Image-backed grounding data:
= Beginning of Section =

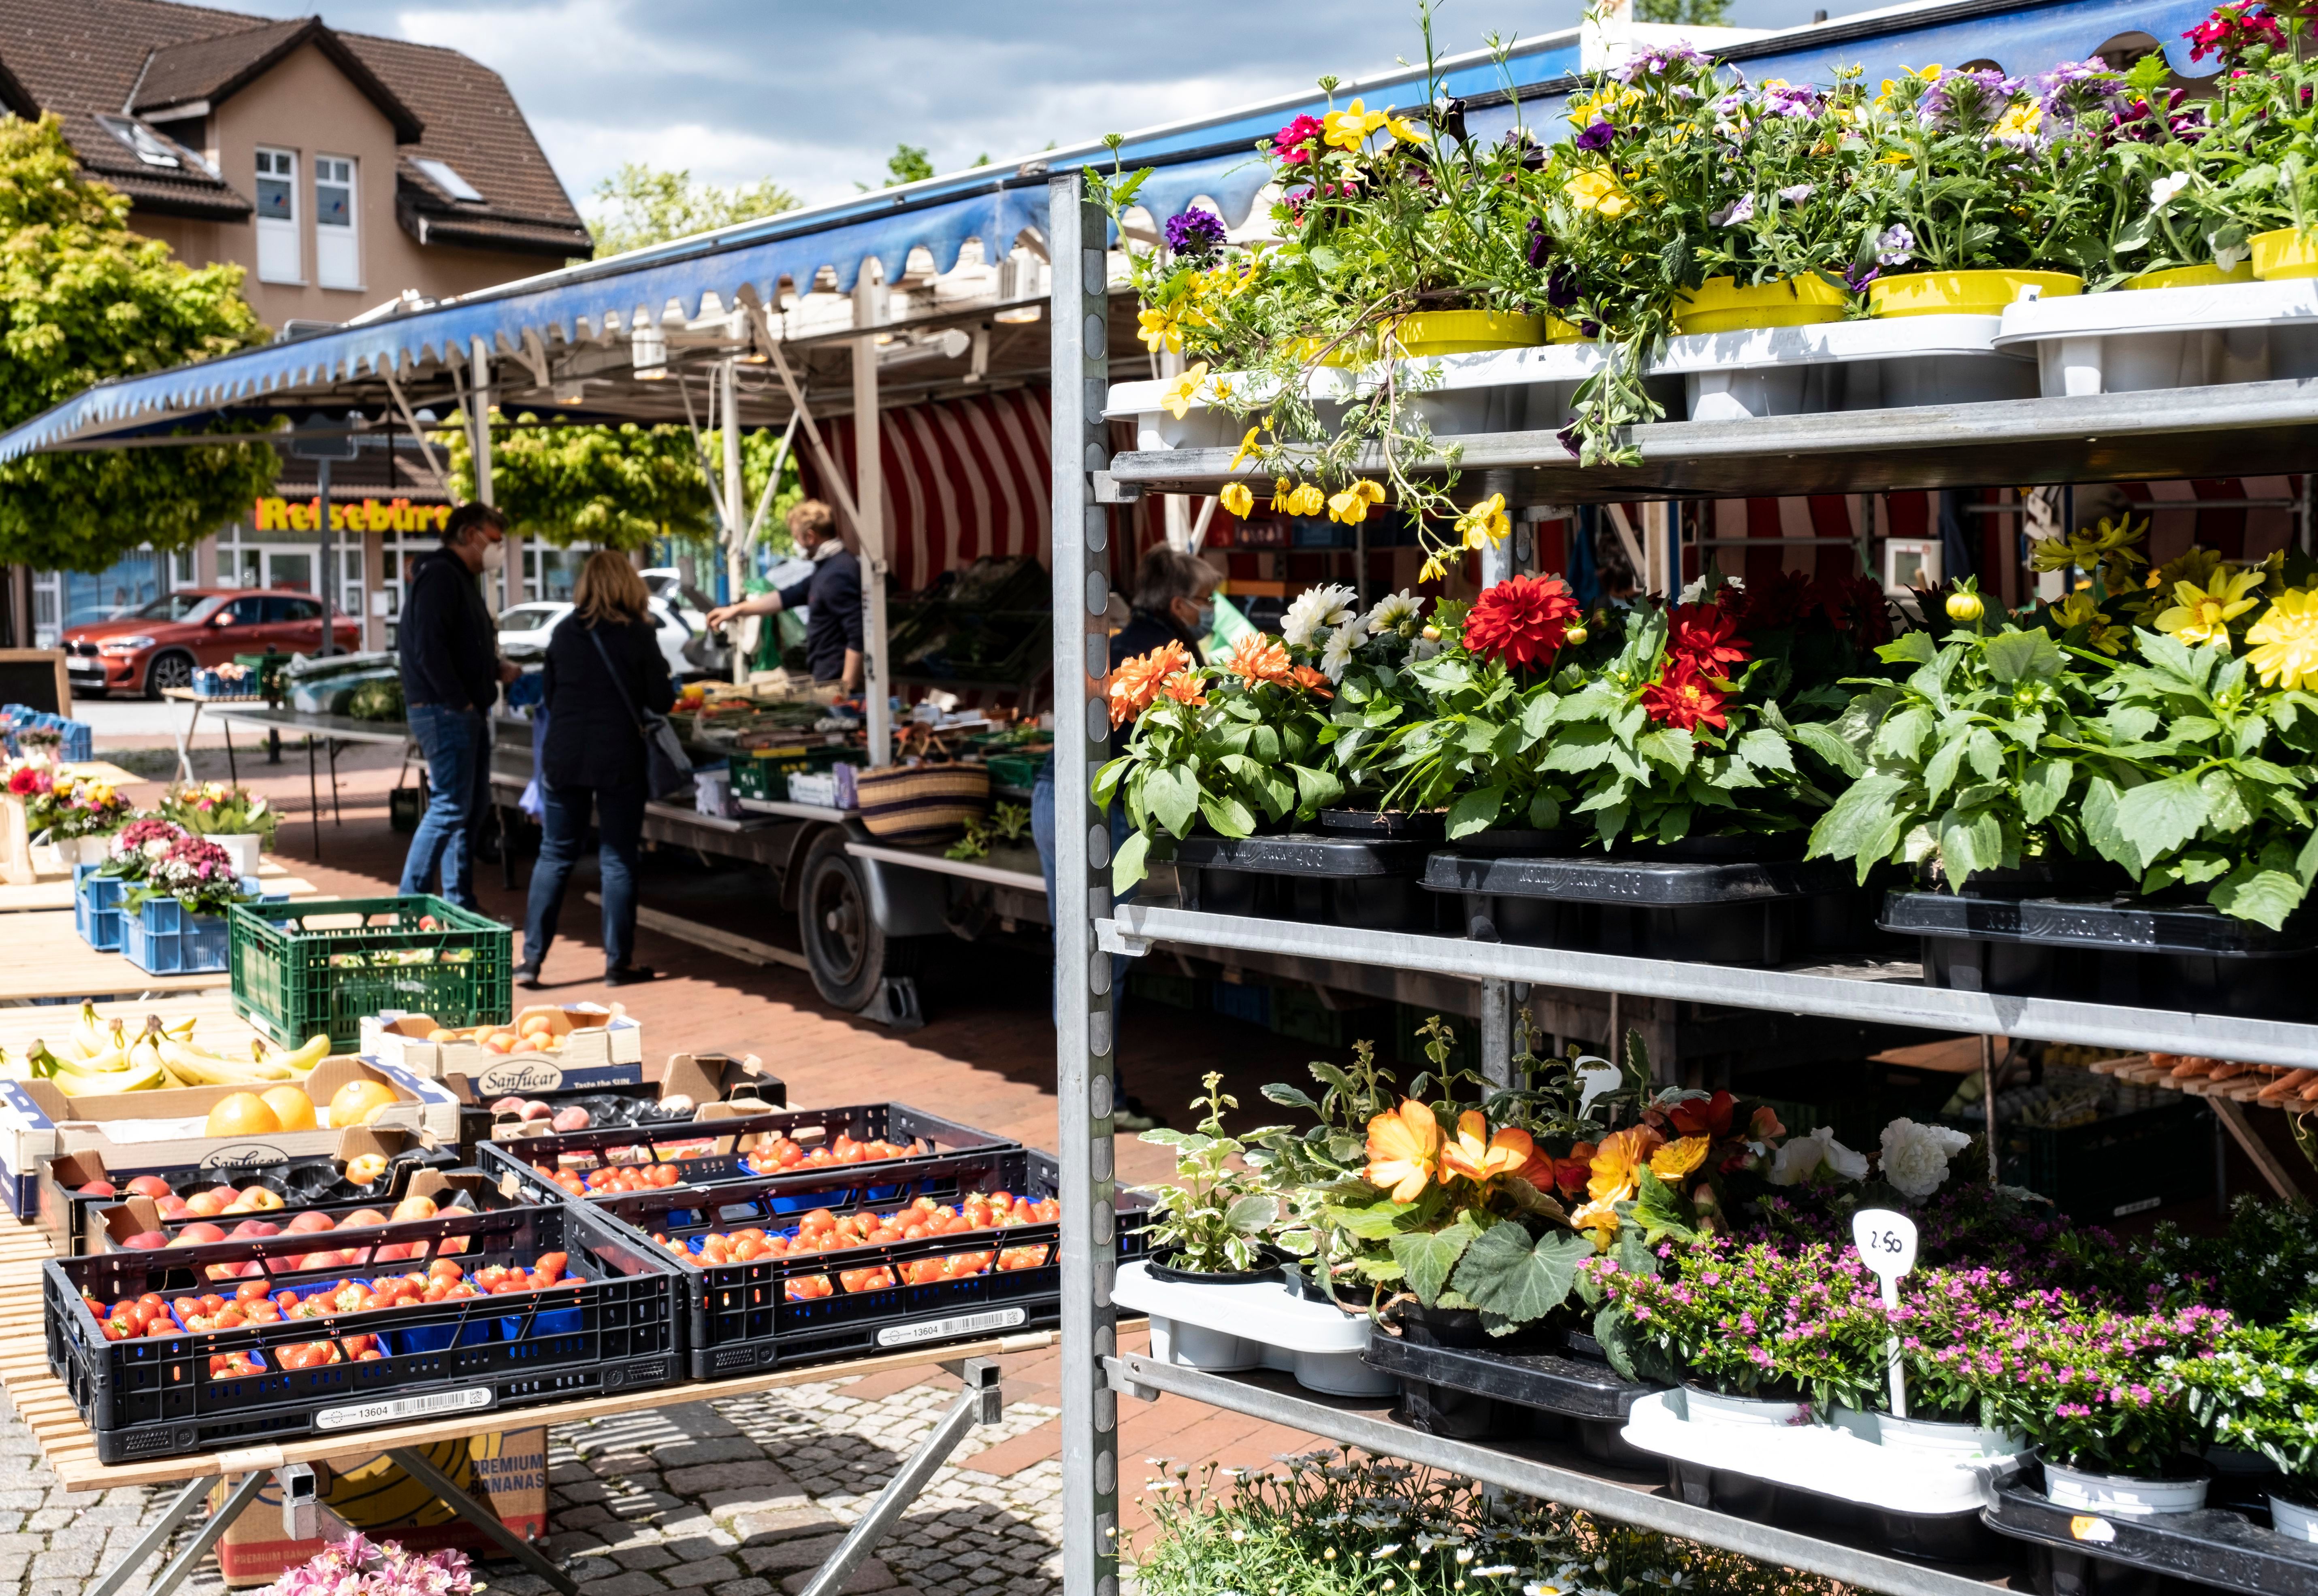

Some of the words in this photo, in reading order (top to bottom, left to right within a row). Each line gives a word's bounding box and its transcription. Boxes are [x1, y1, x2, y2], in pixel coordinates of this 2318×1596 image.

[1296, 844, 1323, 867] 408
[1609, 871, 1641, 895] 408
[486, 1066, 557, 1094] SanLucar
[1871, 1230, 1902, 1253] 2.50
[914, 1326, 938, 1336] 13604
[359, 1407, 388, 1417] 13604
[470, 1454, 543, 1476] PREMIUM
[470, 1473, 545, 1495] BANANAS
[233, 1551, 281, 1565] PREMIUM
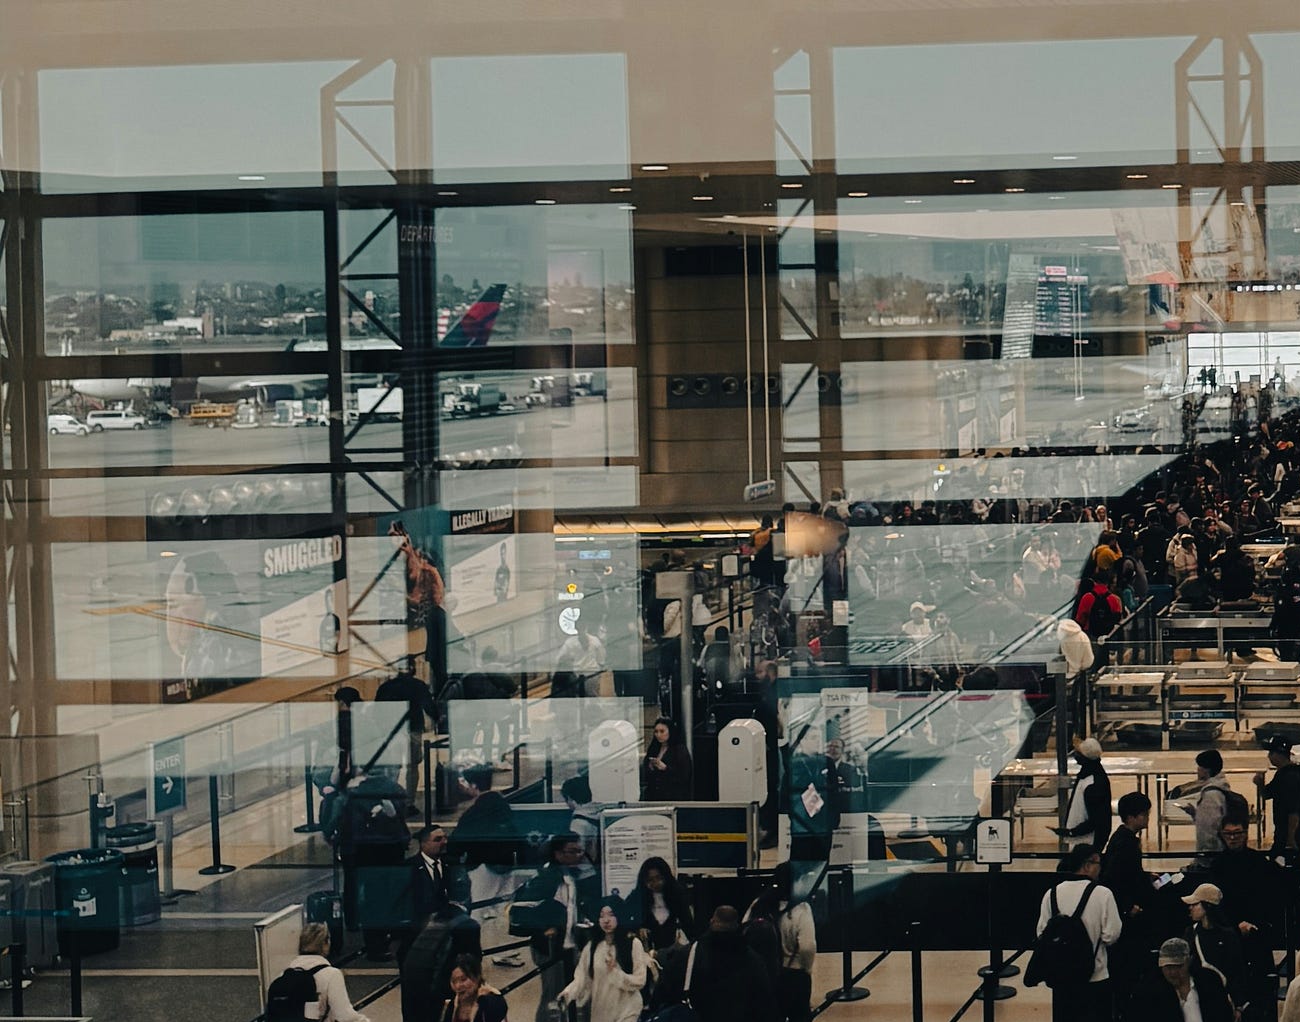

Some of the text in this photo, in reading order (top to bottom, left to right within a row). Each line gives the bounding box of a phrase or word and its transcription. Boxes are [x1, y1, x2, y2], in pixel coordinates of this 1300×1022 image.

[400, 225, 454, 243] DEPARTURES
[452, 509, 487, 531] ILLEGALLY
[264, 535, 342, 577] SMUGGLED
[155, 753, 180, 771] ENTER
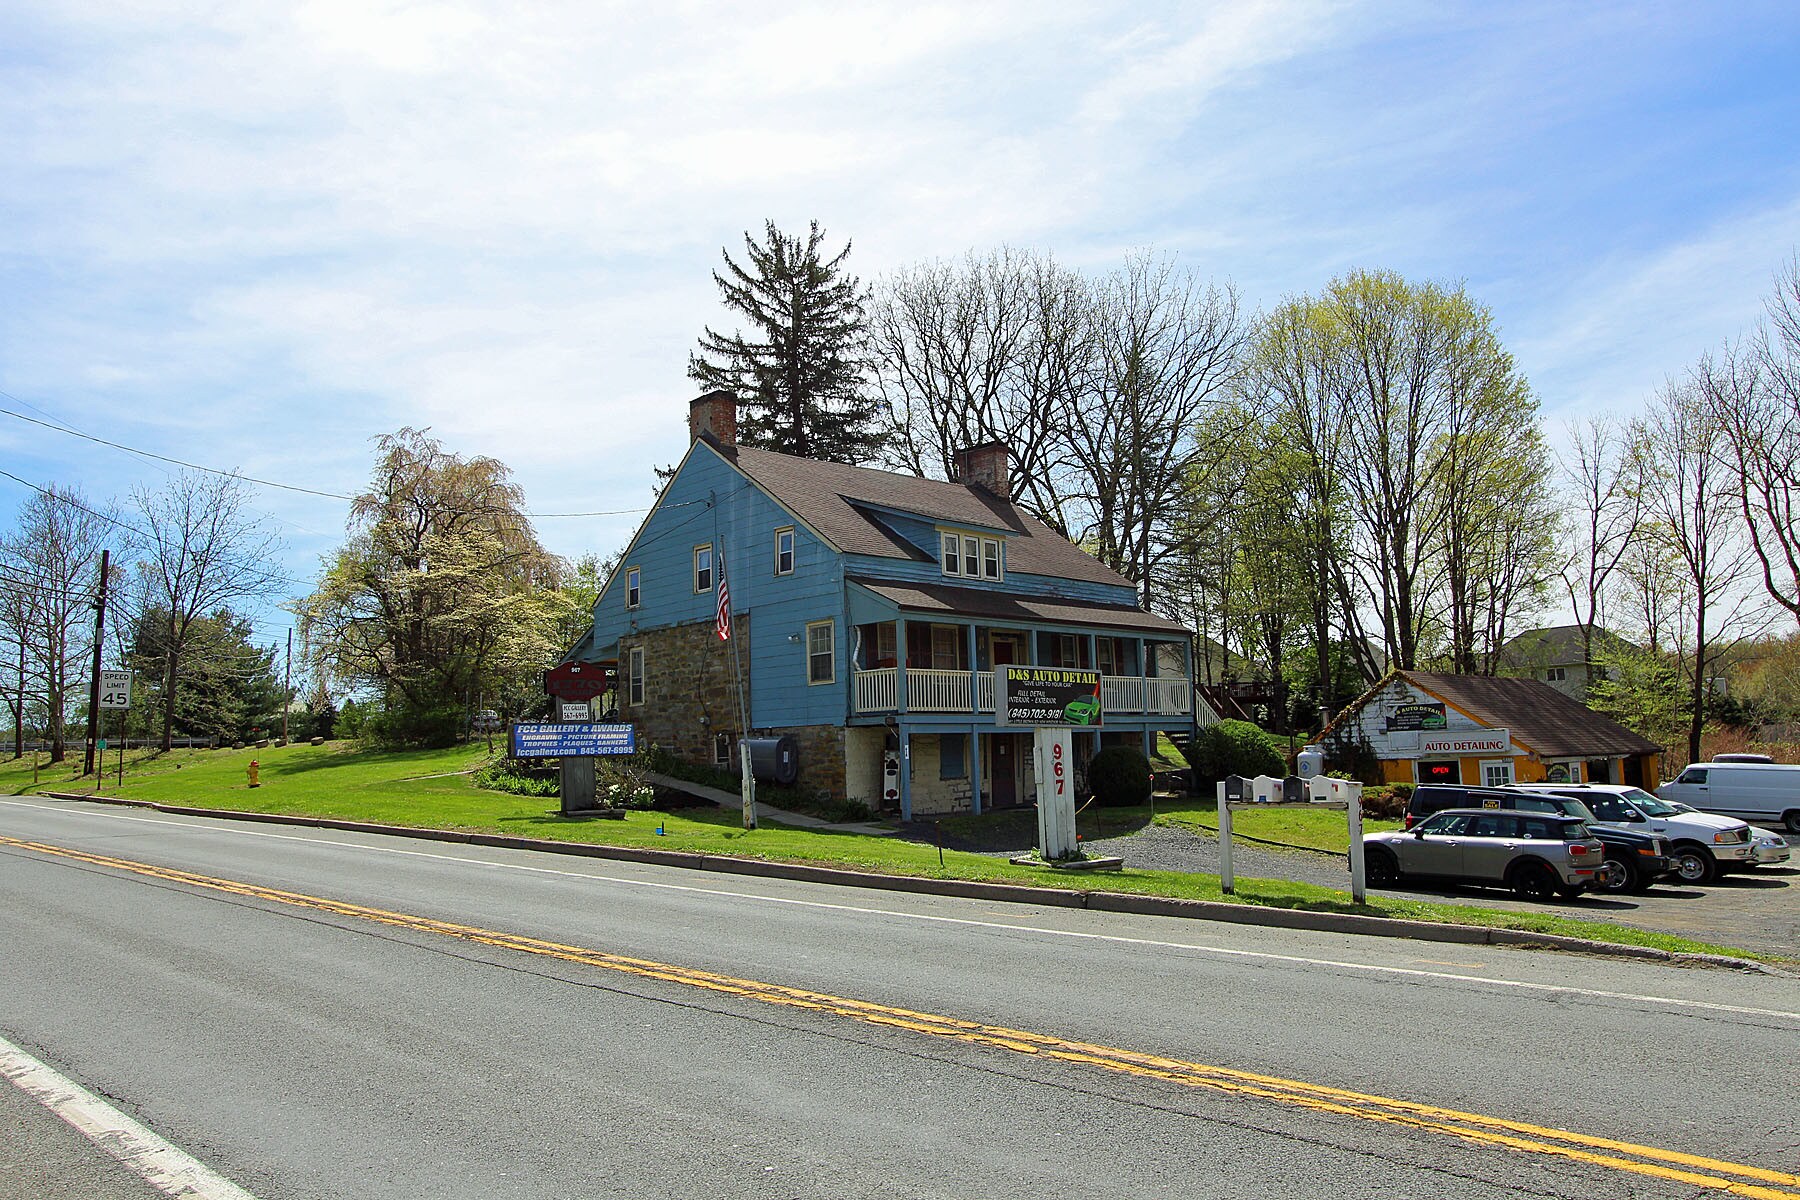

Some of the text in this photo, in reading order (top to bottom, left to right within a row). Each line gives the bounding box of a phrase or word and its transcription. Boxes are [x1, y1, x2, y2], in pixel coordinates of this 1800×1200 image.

[1007, 668, 1097, 685] D&S AUTO DETAIL
[102, 692, 127, 705] 45
[1029, 690, 1046, 698] DETAIL
[1034, 697, 1057, 705] EXTERIOR
[563, 711, 588, 719] 567-6995
[1419, 706, 1442, 716] DETAIL
[517, 725, 538, 733] FCC
[539, 724, 581, 733] GALLERY
[591, 724, 632, 732] AWARDS
[1425, 740, 1504, 751] AUTO DETAILING
[516, 746, 633, 757] fccgallery.com 845-567-6995
[1053, 743, 1064, 795] 967
[1432, 766, 1449, 774] OPEN

= End of Section =

→ Required action
With the pictures removed, print the entries above exactly.

→ Result below
Some of the words in this photo, in reading order (top to bottom, left to right within a row). Each line gives a word's bounding box and its transcription. Boxes are [x1, y1, x2, y2], in pixel coordinates of this 2318×1596 image.

[1296, 844, 1323, 867] 408
[1609, 871, 1641, 895] 408
[486, 1066, 557, 1094] SanLucar
[1871, 1230, 1902, 1253] 2.50
[914, 1326, 938, 1336] 13604
[359, 1407, 388, 1417] 13604
[470, 1454, 543, 1476] PREMIUM
[470, 1473, 545, 1495] BANANAS
[233, 1551, 281, 1565] PREMIUM

Some of the text in this photo, in reading order (top to bottom, left to right within a row). Each line gives the bounding box of a phrase or word and its transcription. Boxes are [x1, y1, x2, y2], in pixel coordinates of this 1300×1022 image.

[400, 225, 454, 243] DEPARTURES
[452, 509, 487, 531] ILLEGALLY
[264, 535, 342, 577] SMUGGLED
[155, 753, 180, 771] ENTER

Some of the text in this photo, in reading order (top to bottom, left to right within a row). Each line gives the bounding box of a phrase or word and its transcription. Boxes are [x1, y1, x2, y2], in pixel coordinates of this 1800×1200 image.

[1007, 668, 1097, 685] D&S AUTO DETAIL
[102, 692, 127, 705] 45
[1029, 690, 1046, 698] DETAIL
[1034, 697, 1057, 705] EXTERIOR
[563, 711, 588, 719] 567-6995
[1419, 706, 1442, 716] DETAIL
[517, 725, 538, 733] FCC
[539, 724, 581, 733] GALLERY
[591, 724, 632, 732] AWARDS
[1425, 740, 1504, 751] AUTO DETAILING
[516, 746, 633, 757] fccgallery.com 845-567-6995
[1053, 743, 1064, 795] 967
[1432, 766, 1449, 774] OPEN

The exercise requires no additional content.